“In connection with the matter of command in the field, there is perhaps a popular misconception that the Army and the Navy were intermingled in a standard form of joint operational organization in every theater throughout the world. Actually, the situation was never the same in any two areas. For example, after General of the Army Dwight D. Eisenhower had completed his landing in Normandy, his operation became purely a land campaign. The Navy was responsible for maintaining the line of communications across the ocean and for certain supply operations in the ports of Europe, and small naval groups became part of the land army for certain special purposes, such as the boat groups which helped in the crossing of the Rhine. But the strategy and tactics of the great battles leading up to the surrender of Germany were primarily army affairs and no naval officer had anything directly to do with the command of this land campaign. A different situation existed in the Pacific, where, in the process of capturing small atolls, the fighting was almost entirely within range of naval gunfire; that is to say, the whole operation of capturing an atoll was amphibious in nature, with artillery and air-support primarily naval.

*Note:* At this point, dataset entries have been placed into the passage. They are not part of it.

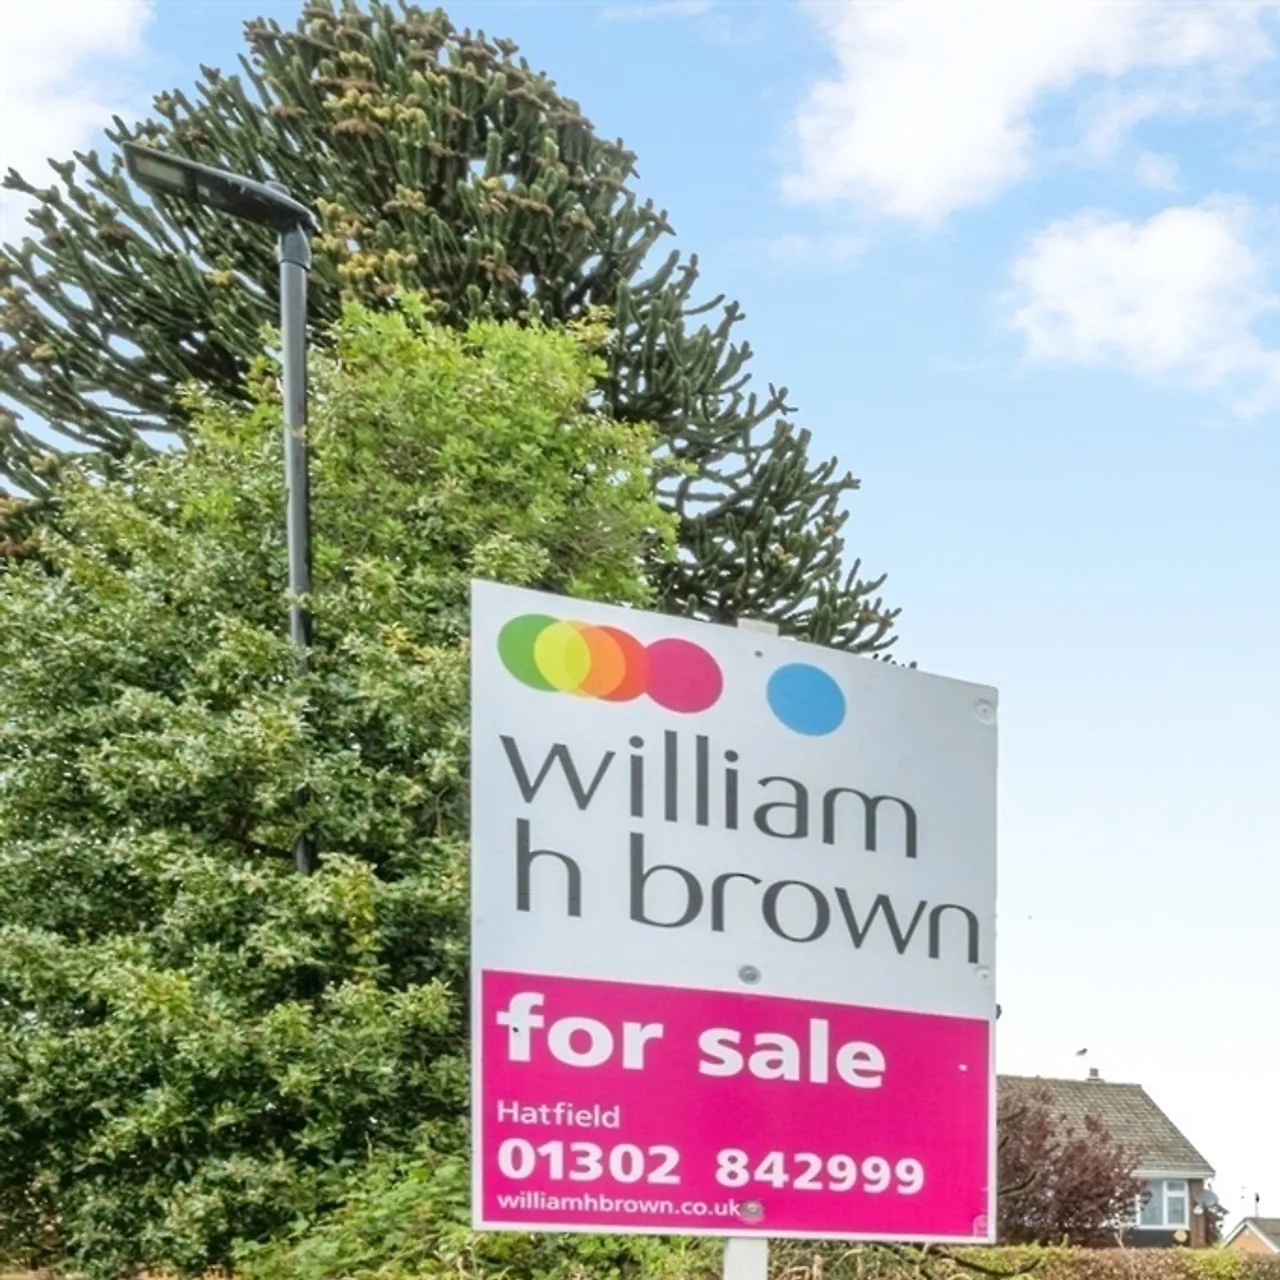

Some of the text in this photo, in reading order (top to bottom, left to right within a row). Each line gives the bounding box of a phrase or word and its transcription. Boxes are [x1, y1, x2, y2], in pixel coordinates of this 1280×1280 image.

[499, 730, 918, 858] william
[516, 817, 979, 963] h brown
[497, 992, 886, 1089] for sale
[497, 1100, 621, 1130] Hatfield
[497, 1191, 741, 1217] williamhbrown.co.uk
[498, 1138, 924, 1196] 01302 842999
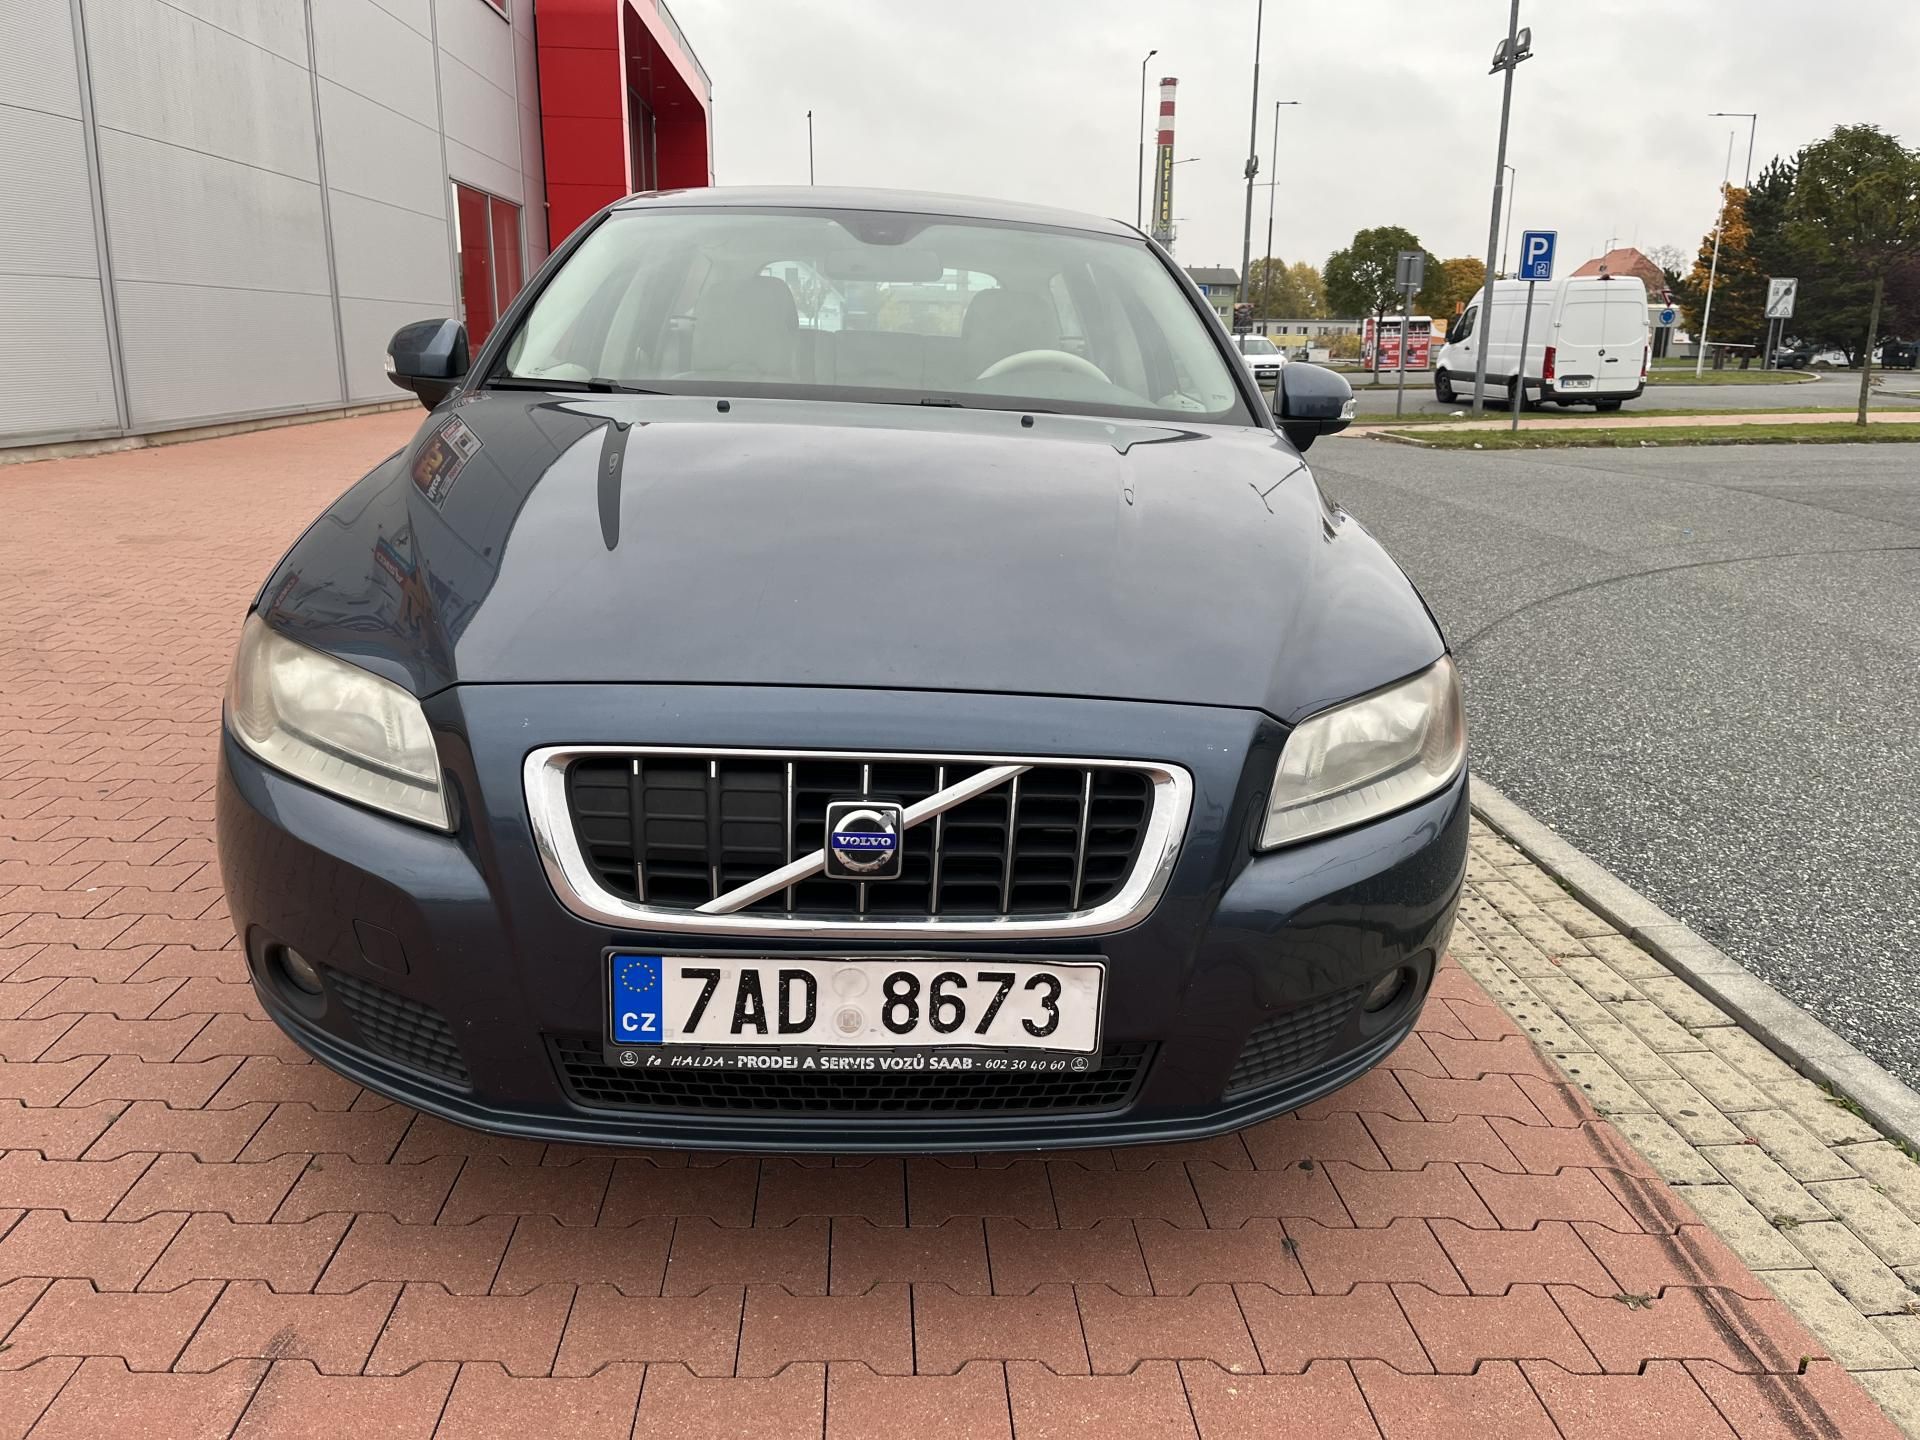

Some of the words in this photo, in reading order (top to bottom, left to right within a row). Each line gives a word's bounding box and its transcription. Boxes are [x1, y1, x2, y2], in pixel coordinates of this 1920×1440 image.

[1527, 237, 1549, 265] P
[837, 836, 891, 846] VOLVO
[681, 968, 818, 1035] 7AD
[882, 971, 1062, 1038] 8673
[622, 1012, 656, 1032] CZ
[671, 1055, 725, 1068] HALDA
[737, 1055, 798, 1069] PRODEJ
[803, 1056, 816, 1069] A
[821, 1056, 875, 1070] SERVIS
[880, 1053, 925, 1070] VOZŮ
[929, 1056, 972, 1070] SAAB
[985, 1061, 1007, 1070] 602
[1010, 1061, 1027, 1070] 30
[1030, 1061, 1046, 1071] 40
[1050, 1061, 1066, 1071] 60
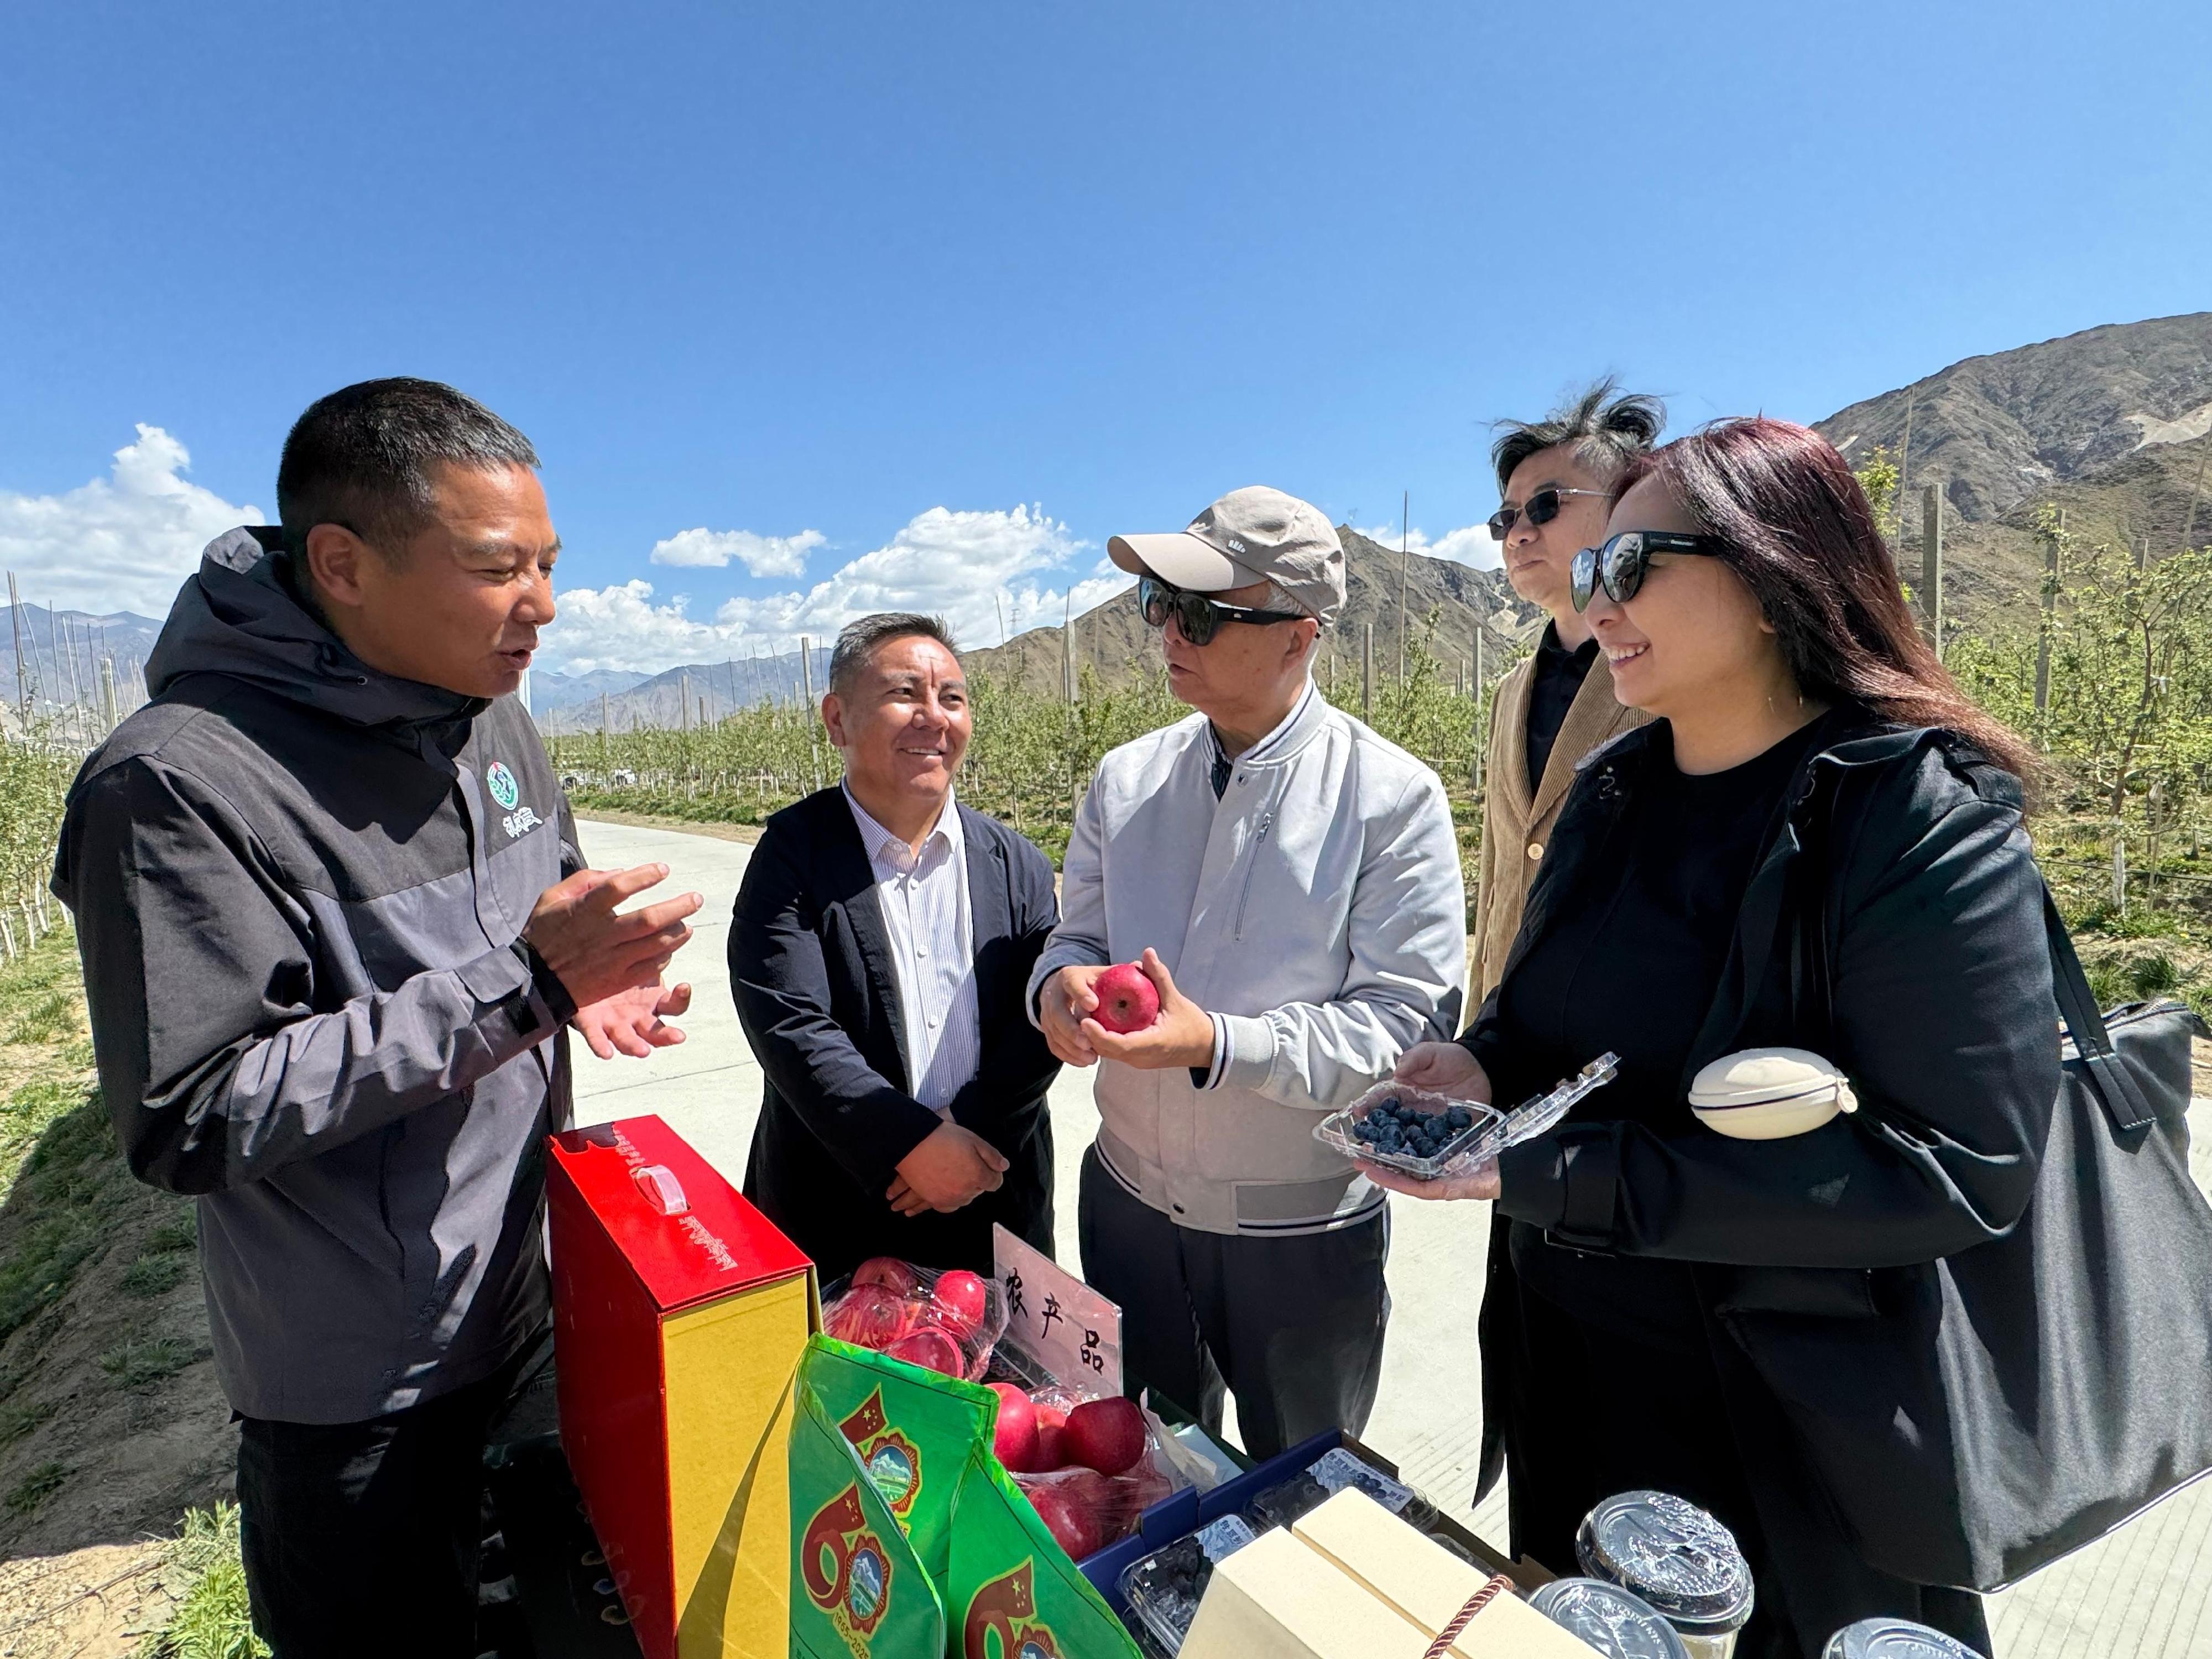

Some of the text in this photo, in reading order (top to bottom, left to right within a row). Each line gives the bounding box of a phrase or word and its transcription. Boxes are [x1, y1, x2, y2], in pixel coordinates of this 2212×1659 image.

[1006, 1267, 1104, 1376] 农产品
[834, 1612, 869, 1659] 1965-2025

This situation called for a mixed Army-Navy organization which was entrusted to the command of Fleet Admiral Nimitz. A still different situation existed in the early days of the war during the Solomon Islands campaign where Army and Navy became, of necessity, so thoroughly intermingled that they were, to all practical purposes, a single service directed by Admiral William F. Halsey, Jr. Under General of the Army Douglas MacArthur, Army, Army Aviation, and the naval components of his command were separate entities tied together only at the top in the person of General MacArthur himself. In the Mediterranean the scheme of command differed somewhat from all the others.”
Third Report, p. 172
U.S. Navy at War, 1941-1945: Official Reports to the Secretary of the Navy (1946)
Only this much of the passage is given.